Gallant likes the way "the world comes to Athens." He's Canadian, brought south in the first instance by an academic parent. Kind of like Hugh Acheson, the James Beard Award-winning proprietor of the National and the 5&10 and frequent "Top Chef" judge. Gallant says, "I know the names of all my neighbors, but then I can walk onto campus and hear a clarinettist from Hong Kong or see work exhibited by an artist from the Venice Biennale. We have good meats, incredible taquerias, craft cocktails, and we've become the epicenter for organic agriculture in Georgia."

On a Saturday morning, I head out to Bishop Park to meet André at the Athens Farmers Market, where a lot of this organic agriculture is on display. Stalls tempt with gem-colored fruits and vegetables, artisanal bread, honey, handmade soaps, goat cheese, grass-fed beef, pastries and vegan, biodegradable dog-cleaning products made from essential oils, called "Shampoochie."
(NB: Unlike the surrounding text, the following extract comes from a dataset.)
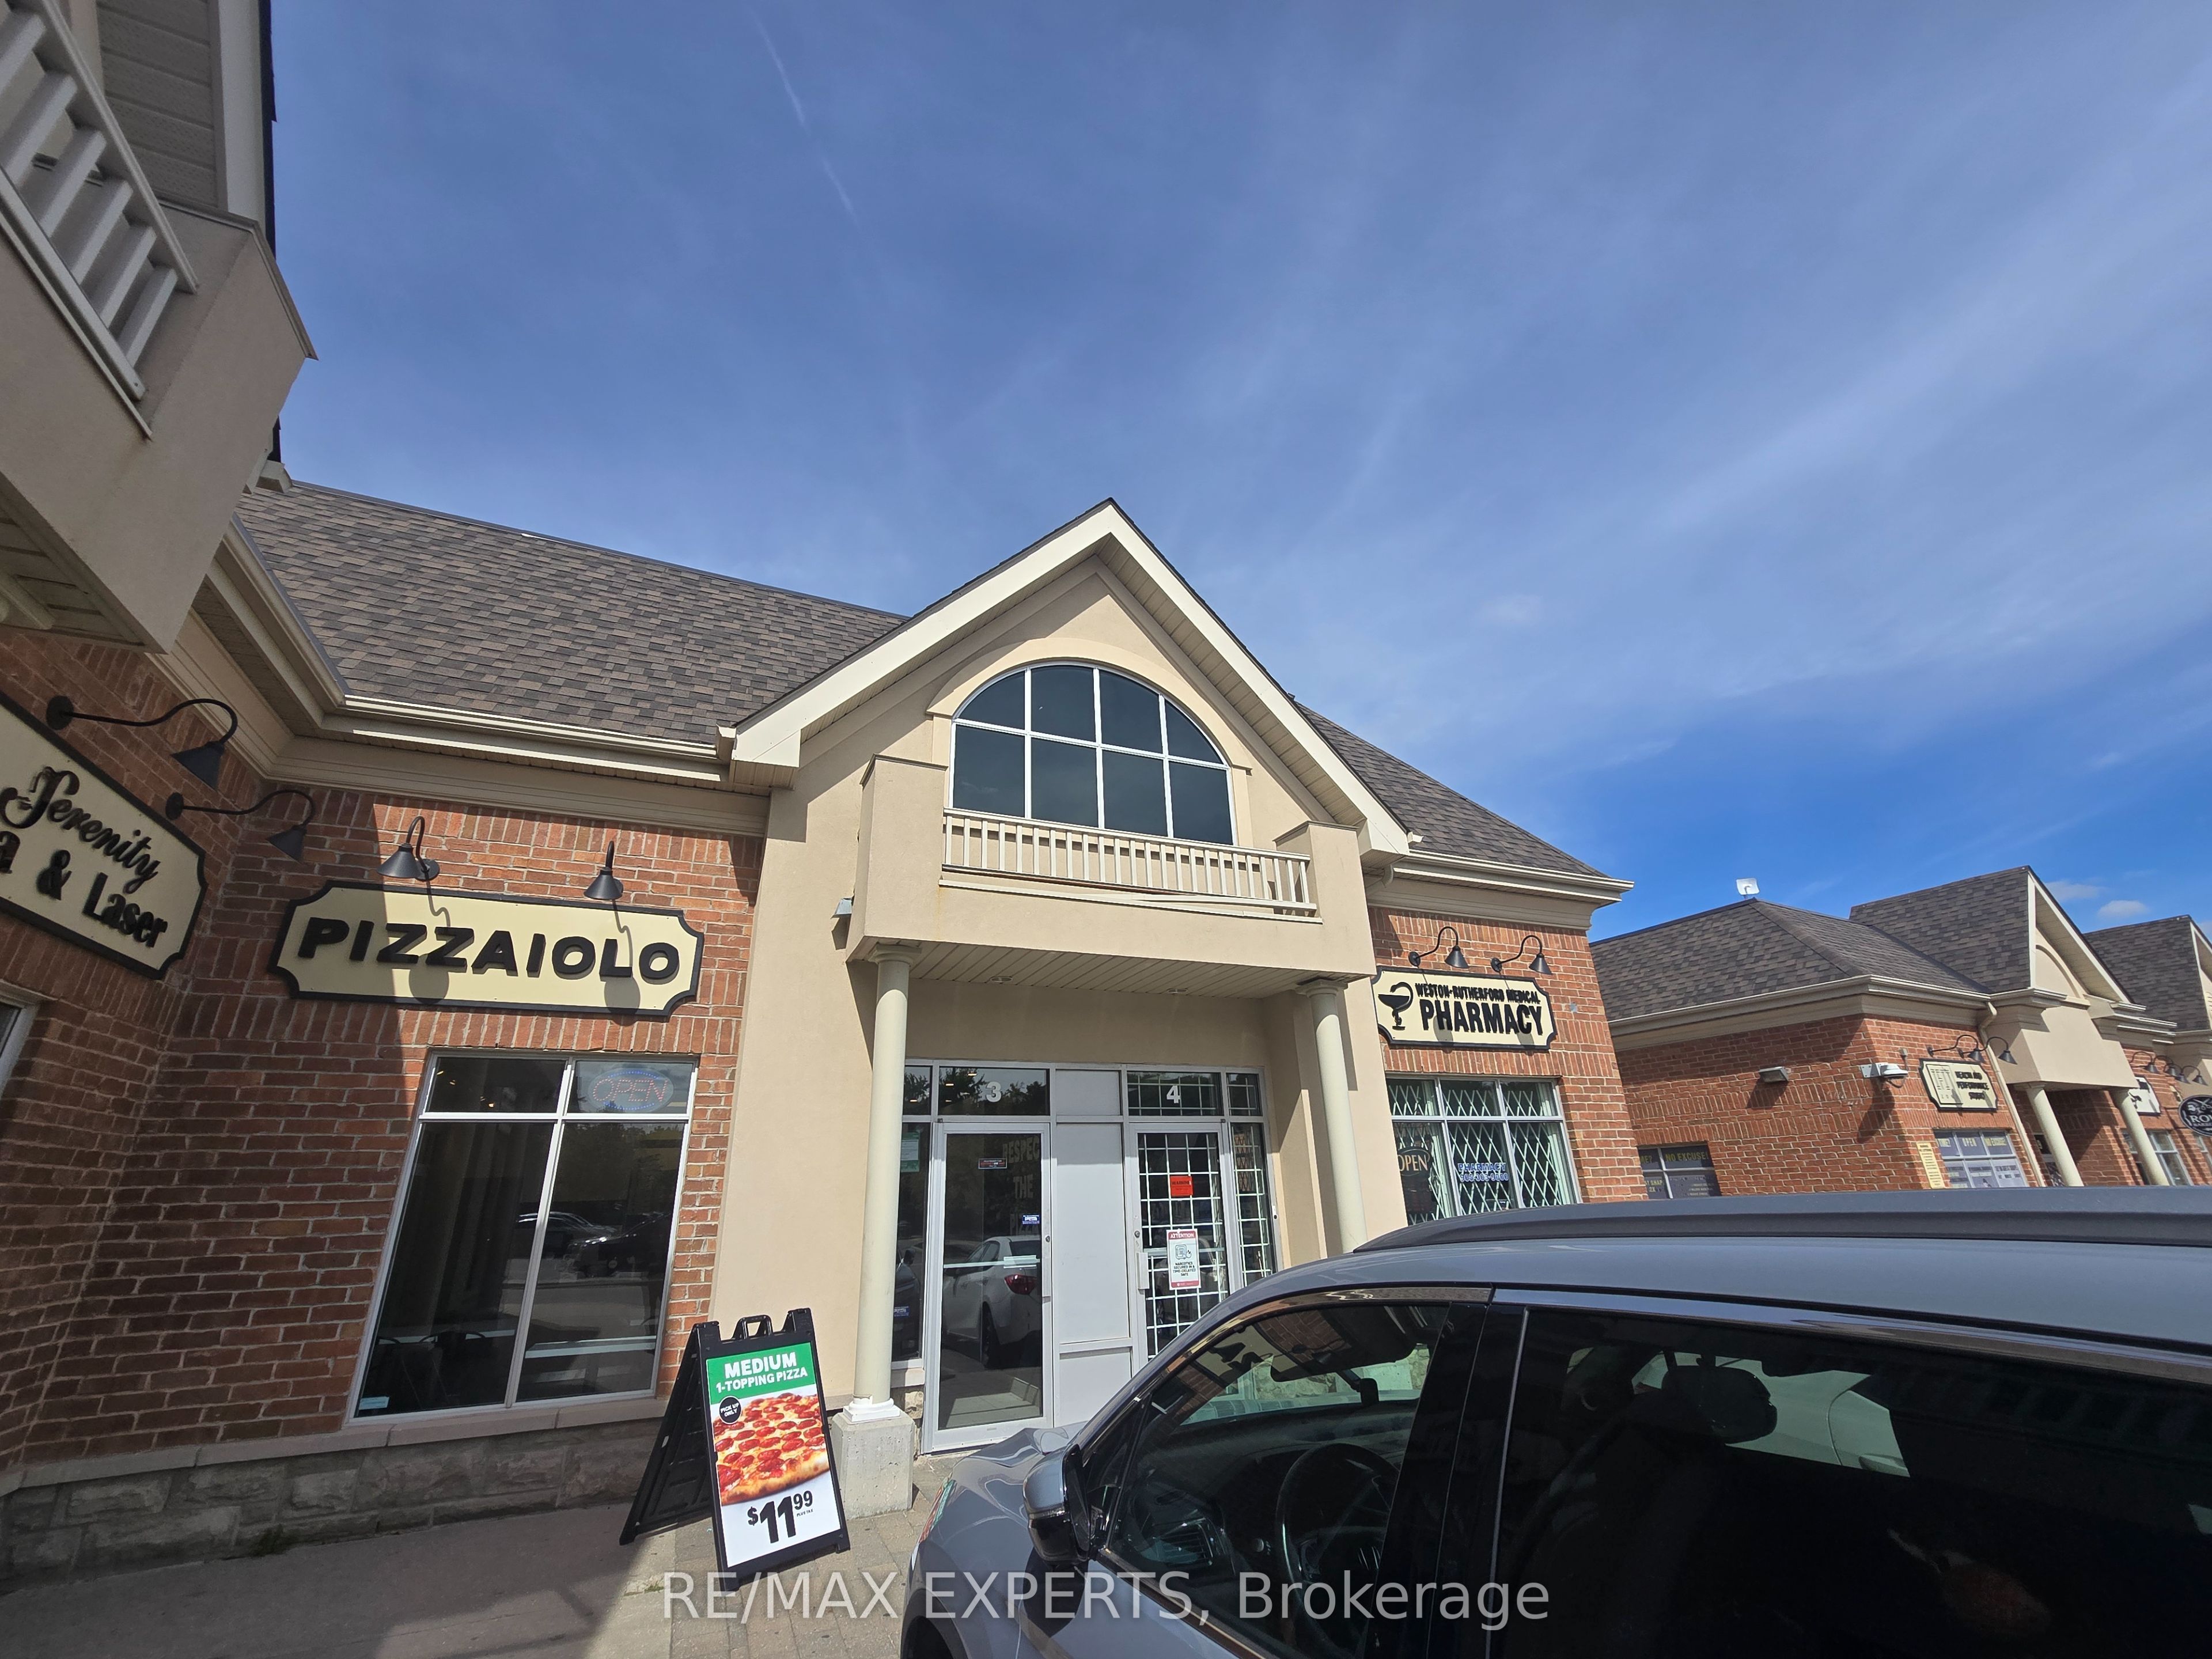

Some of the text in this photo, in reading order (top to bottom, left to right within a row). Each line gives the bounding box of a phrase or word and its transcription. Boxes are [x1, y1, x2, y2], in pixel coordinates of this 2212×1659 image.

It's nearly the end of Georgia peach season (the South Carolina varieties hang on a little later) so I negotiate with an Oconee County grower for a box of voluptuously scented, fat, velvety fruit to haul back to my peach-loving mother in Tallahassee. One fruit down, more to go. We pause at a table piled with tomatoes in colors from yolk yellow to deep garnet, some the size of grapes, some the size of grapefruit: Travelers, Romas, Black Tulas, Georgia Streaks and rich burgundy-fleshed Cherokee Purples. André points at them: "You want some of those," he says.

That's for damn sure. I want a lot of those. But I settle for a couple of pounds. Plus some amethyst-colored eggplants, a couple of heads of aromatic elephant garlic and some deep magenta okra. I'm tempted by the armloads of sunflowers and dahlias, but figure getting the tomatoes back to North Florida in the vicious late August heat will be hard enough.

But, as the great Georgian Scarlett O'Hara once said, I'll think about that tomorrow. I still want to visit the Tombs of the Ugas, the memorial area of Stanford Stadium where the English bulldogs who act as university mascots are laid to rest. And maybe get up with some of the writers at the Old Pal, a fine, dim establishment where André tends bar. He promises to make us good Manhattans and proper Pimm's cups and other cocktail delights. Just now, it's lunchtime and I have a momentous decision to make: smoked chicken at the White Tiger or tilapia tacos at Taqueria del Sol?

---

Roberts is the author of "Tribal: College Football and the Secret Heart of America."